Tuesday, December 5, 2017

Tracker Server and Skills

So in an earlier dev blog I talked about how the server architecture is laid out.  There's a master server, which launches the database and login servers, and finally the zone servers which run the actual game simulation.  There are several important details though that had not yet been decided on what server would have responsibility for them. 

  • Chat services and logging
  • Skill progression
  • System messages
There are valid arguments for including these services in existing servers.  The master server already is in communication with all the zone servers, and isn't that busy, so might have been a good fit.  I decided though that I want to keep the master server focused on managing the cluster, and don't want to risk it getting bogged down handling these other services.  The database server would also have been good, but I estimate it will already be handling a large number of requests so it would be better to move these off the database and at the same time minimize the chatter between the server that is handling them and the database as much as possible.  

Tracker Server and Chat messages

So I decided to create a 5th server type I'm calling the Tracker server.  Now when a zone server spins up it opens a connection to the tracker server, and whenever a player connects to a zone the zone then informs the tracker server so the tracker server will have a complete view as to the status of any online player in the game world.  

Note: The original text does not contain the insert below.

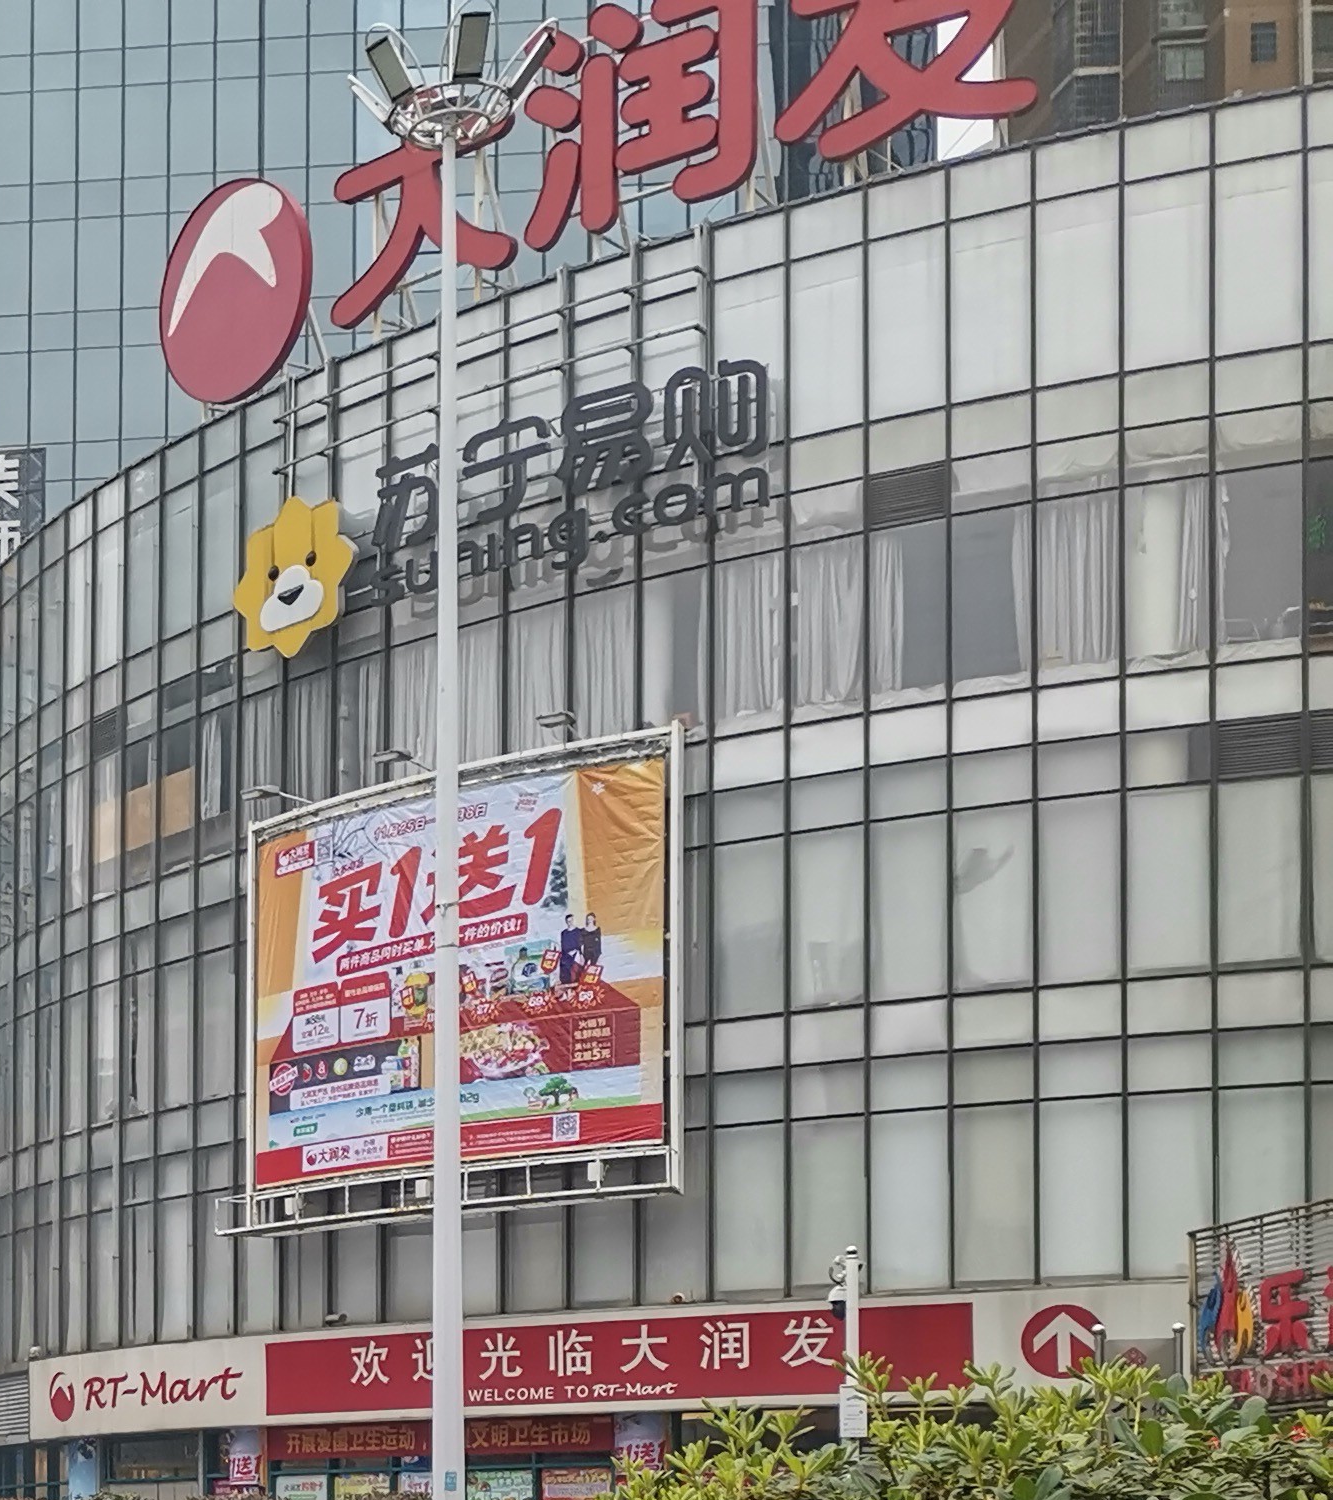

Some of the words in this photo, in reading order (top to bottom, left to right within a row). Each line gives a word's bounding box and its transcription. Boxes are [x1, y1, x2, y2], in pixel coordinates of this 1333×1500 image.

[83, 1366, 244, 1412] RT-Mart
[468, 1386, 555, 1402] WELCOME
[565, 1385, 590, 1399] TO
[592, 1381, 679, 1398] RT-Mart

This is especially useful for private chat messages.  When a player connected to zone 7 wants to send a chat message to a player connected to zone 102, the zone server will now send that chat message to the tracker server, which will look up what zone the recipient is connected to, and then forward the message to the correct zone, which will then send it to the correct game client.  This is also useful for sending Global messages (messages in the Global chat channel that can be seen by all connected players in all zones), in faction channels (messages seen by all players sailing under a specific nation's flag), and sending messages to all members of your Trading Company (most games call this a Clan) or your alliance.  

Periodically the server cluster will need to send messages to all connected players, for example when the server cluster is going to go down soon for scheduled maintenance, and these system messages can leverage the same chat system similar to how Global channel chat messages work.  

Skills

Skills are something I'm basically going to shoehorn into the tracker server.  The skill progression system in Broadside will be different than most MMO games, but similar specifically to Eve Online.  Skills won't be earned by doing something repetitively.  Grinding to try to earn gold in MMO's is bad enough, and is an unfortunately necessary game mechanic.  Grinding hours and hours to level up your character is maddening though and doesn't make that much sense.  How does spending 1,000 hours killing thousands and thousands of helpless rats really improve your skill at combating powerful players?  It just doesn't make sense.  

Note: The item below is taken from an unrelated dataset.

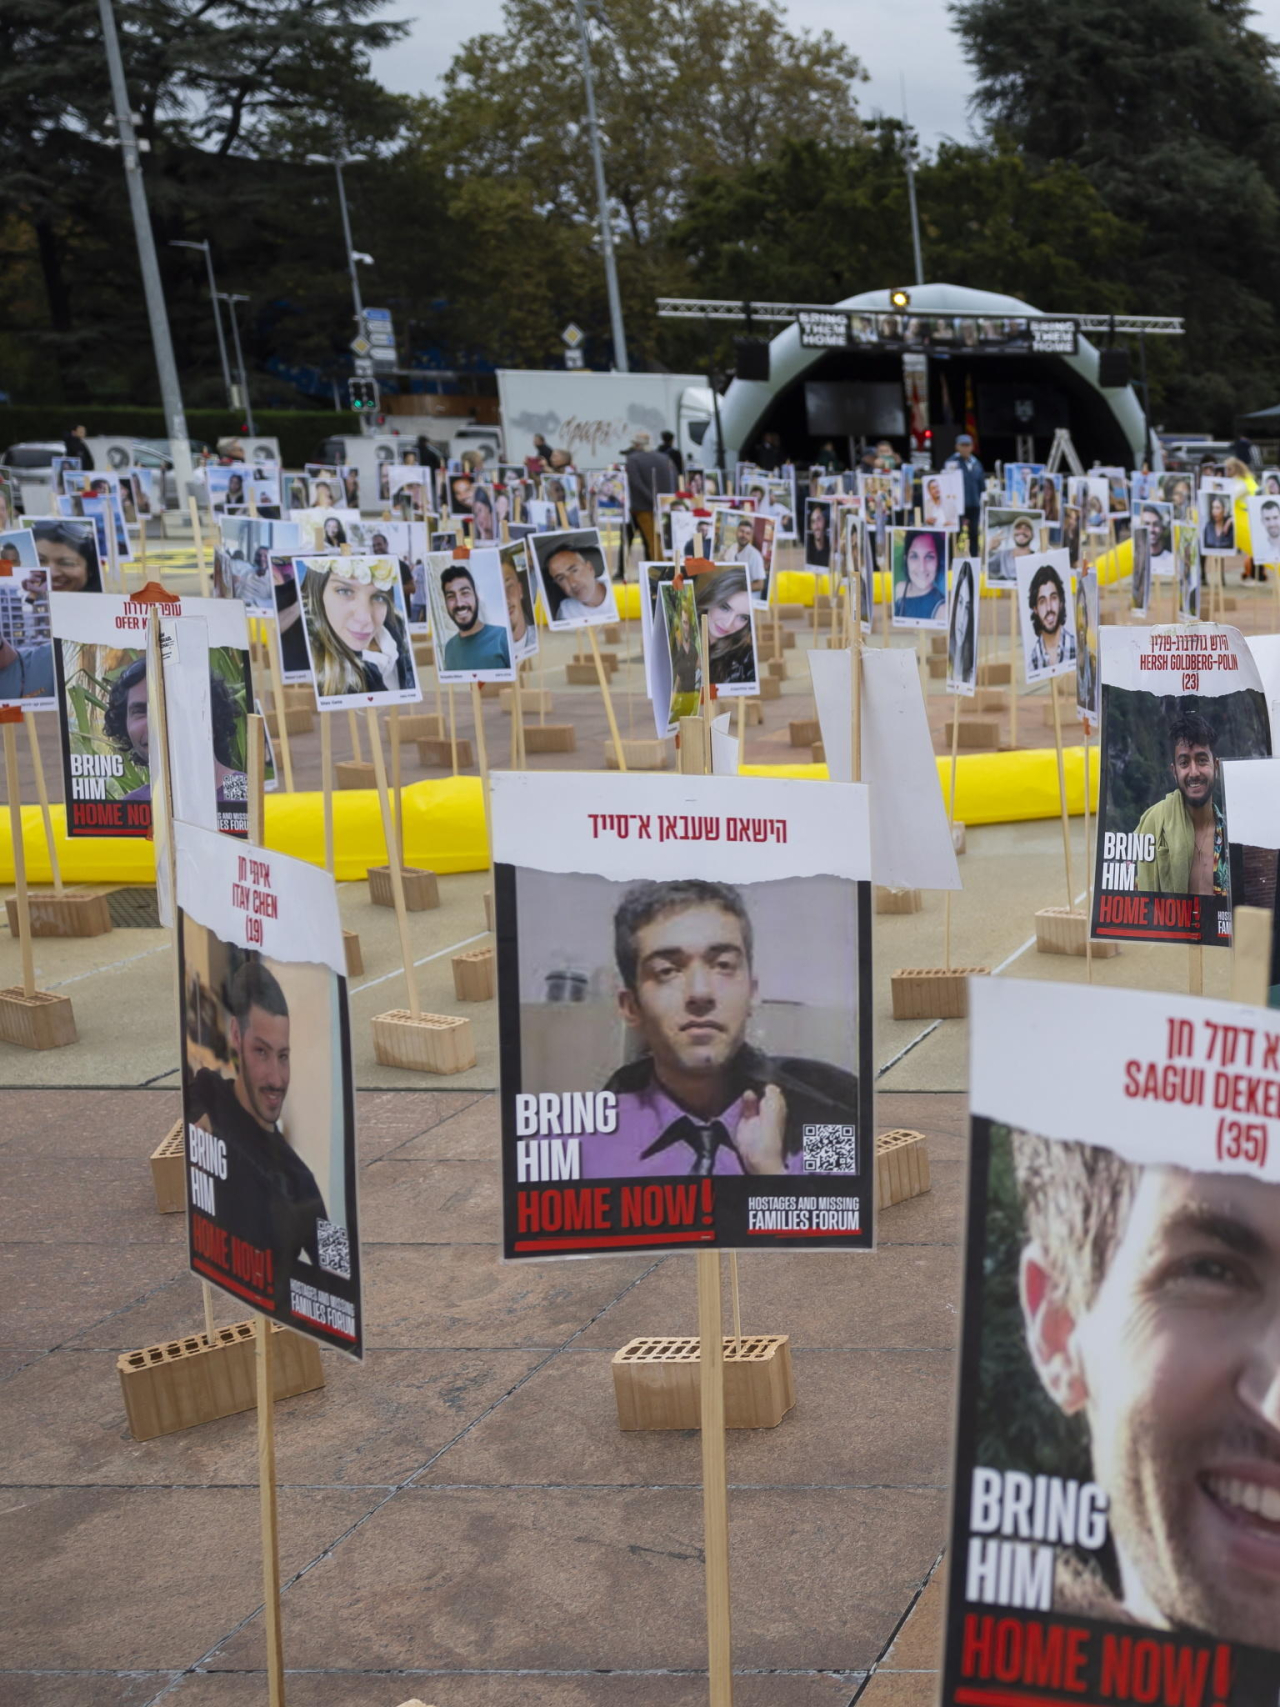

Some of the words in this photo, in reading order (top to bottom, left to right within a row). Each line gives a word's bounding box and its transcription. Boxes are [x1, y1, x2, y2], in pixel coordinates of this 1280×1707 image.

In Broadside you learn skills passively over time.  You buy a skill book, select that skill as the one you want to learn, and slowly level up.  The higher the level you want to take that skill, the longer it takes.  This happens whether you are online or offline at the same pace.  You just need to be online to schedule a new skill to learn.  Basically what is happening is your character is using all of its down time reading a book on the subject, and thoroughly studying the topic.  

So I needed a server that is always running to handle this slow progression of all skills for all characters in the game.  The login server could have been used for this, but I didn't like that.  I could have made a separate server just for skills, but I didn't like that either.  The database could have been good for this, and still will need to be involved, but I didn't want to bog it down.  In the end I decided the tracker server was the best place for this.  

I hope you found this at least a bit interesting.